Cuando los esposos se encontraron cerca de las habitaciones de Sissi, ésta obligó a Francisco José a caminar lentamente para hacer el menor ruido posible. Si su hijita dormía, no quería despertarla. Con toda clase de precauciones llegaron ante la puerta que comunicaba con el saloncito en el que descansaba la pequeña princesa.
Sissi hizo rodar su mano y la puerta, suavemente empujada por ella, se abrió con lentitud. Un rayo de luz penetró en el gabinete iluminándolo levemente.

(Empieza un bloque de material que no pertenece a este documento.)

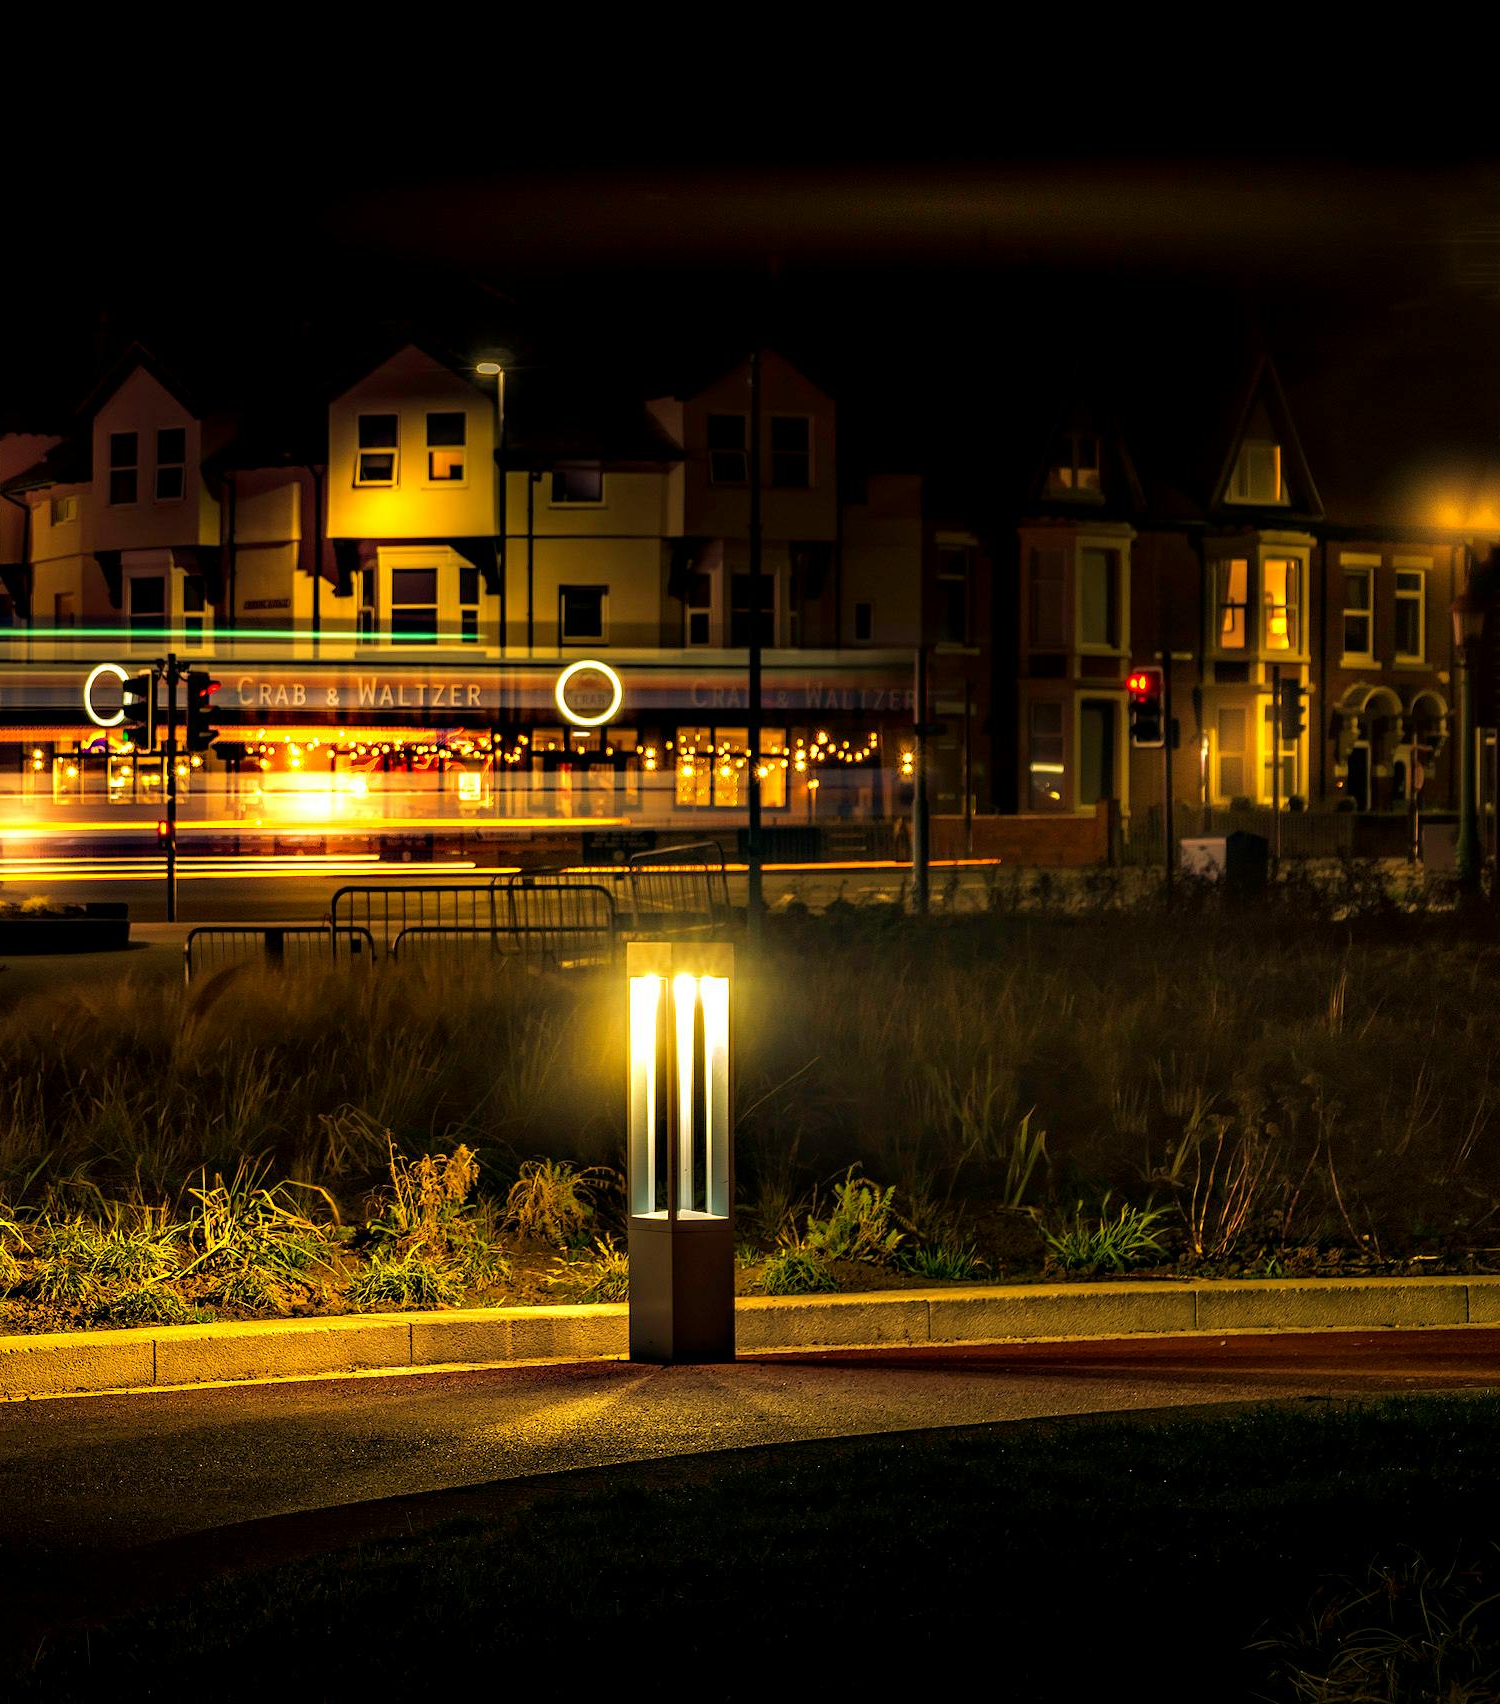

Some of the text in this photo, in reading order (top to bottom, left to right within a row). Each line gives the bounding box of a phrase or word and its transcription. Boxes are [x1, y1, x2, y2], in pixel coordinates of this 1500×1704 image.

[237, 677, 483, 706] CRAB & WALTZER

De pronto, sintió que un escalofrió recorría todo su cuerpo. Miró acongojada a su alrededor hasta convencerse de que sus pupilas no la habían engañado. La cuna de su hijita había desparecido.
Miró una y otra vez en todas direcciones, pero tuvo que rendirse a la evidencia.
Abrió los ojos desmesuradamente, reveladores del gran impresión que sentía, y los clavó en Francisco José.
La emperatriz, a pesar de que sentía que las piernas le temblaban, avanzó unos pasos. Su rostro estaba lívido, descompuesto, y sus labios temblaban visiblemente casi al compás de una jadeante reparación que, por un momento, creyó que iba a ahogarla.
―Por favor, Sissi ―exclamó Francisco José, tranquilizándola―. No debes alarmarte.
La joven madre se precipitó hacia su esposo, al que cogió con todas sus fuerzas por el brazo.
― ¿Dónde está la niña? ―gritó desesperadamente.
Hubo una pequeña pausa, en la que el silencio sólo el turbado por el angustioso respirar de la emperatriz.
Francisco José la cogió amorosamente, y después de mirarla con serenidad, explicó:
―Mama ―continuó hablando el emperador― ha pensado que la educación de la niña será más eficiente si se ocupa de ella en persona. Es por eso que ha ordenado que la lleven cerca de sus habitaciones.
Francisco continuó, tratando de dar a su voz un tono persuasivo.
―Tal vez haya hecho mal en no decírtelo a su debido tiempo, pero es que nosotros tenemos tantas obligaciones que tender que no te será posible cuidar de la niña.
―No hay obligación que se me imponga que yo no cumpla ―exclamó valientemente Sissi―, pero por encima de todas está mi condición de madre y no permitiré que nadie me la discuta.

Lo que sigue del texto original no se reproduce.